WHAT YOU NEED TO DO:
Transcribe each entry exactly as it appears, leaving out any picture it holds.

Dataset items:

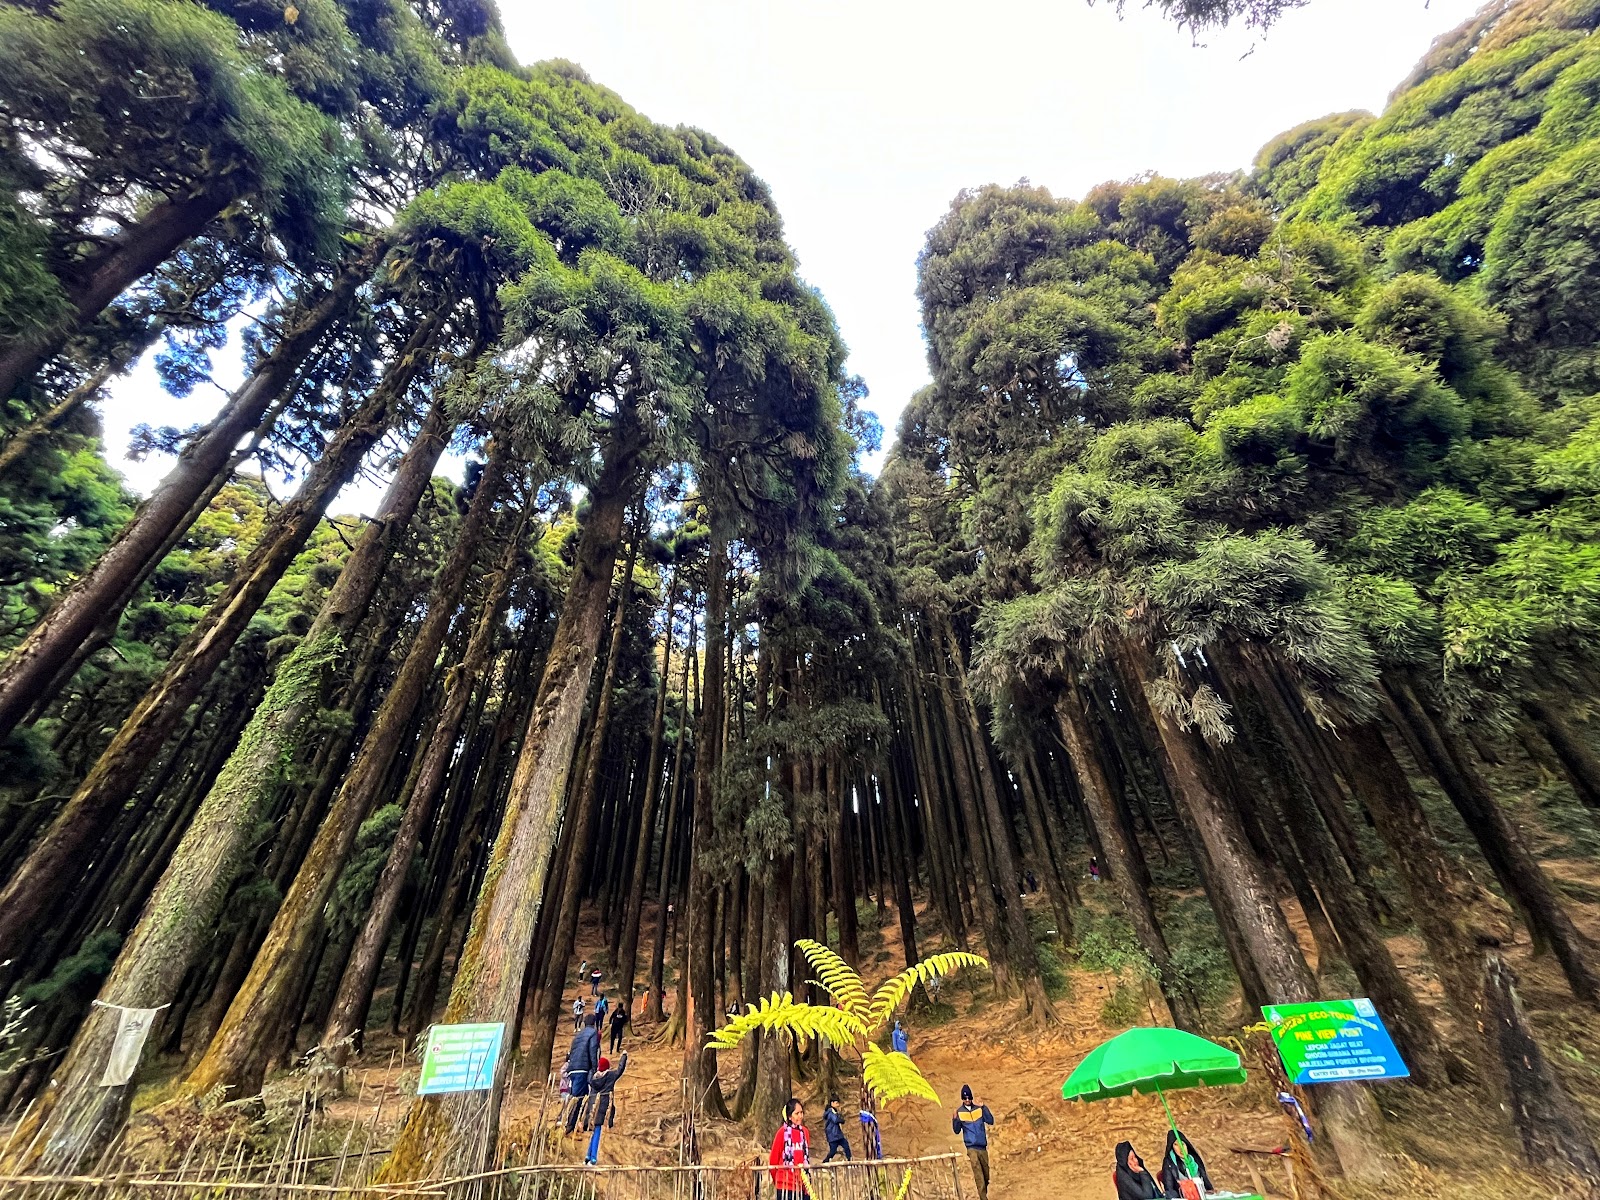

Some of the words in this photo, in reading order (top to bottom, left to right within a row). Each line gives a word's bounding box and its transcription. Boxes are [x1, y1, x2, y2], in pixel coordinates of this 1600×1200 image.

[1294, 1031, 1315, 1041] PINE
[1315, 1029, 1337, 1040] VIEW
[1339, 1027, 1363, 1038] POINT
[1304, 1043, 1329, 1051] LEPCHA
[1297, 1060, 1335, 1068] DARJEELING
[1335, 1057, 1359, 1066] FOREST

RESULT OF THIS TASK:
Some of the words in this photo, in reading order (top to bottom, left to right within a row). Each line gives a word's bounding box and its transcription. Boxes are [x1, y1, x2, y2], in pixel coordinates of this 1600×1200 image.

[1294, 1031, 1315, 1041] PINE
[1315, 1029, 1337, 1040] VIEW
[1339, 1027, 1363, 1038] POINT
[1304, 1043, 1329, 1051] LEPCHA
[1297, 1060, 1335, 1068] DARJEELING
[1335, 1057, 1359, 1066] FOREST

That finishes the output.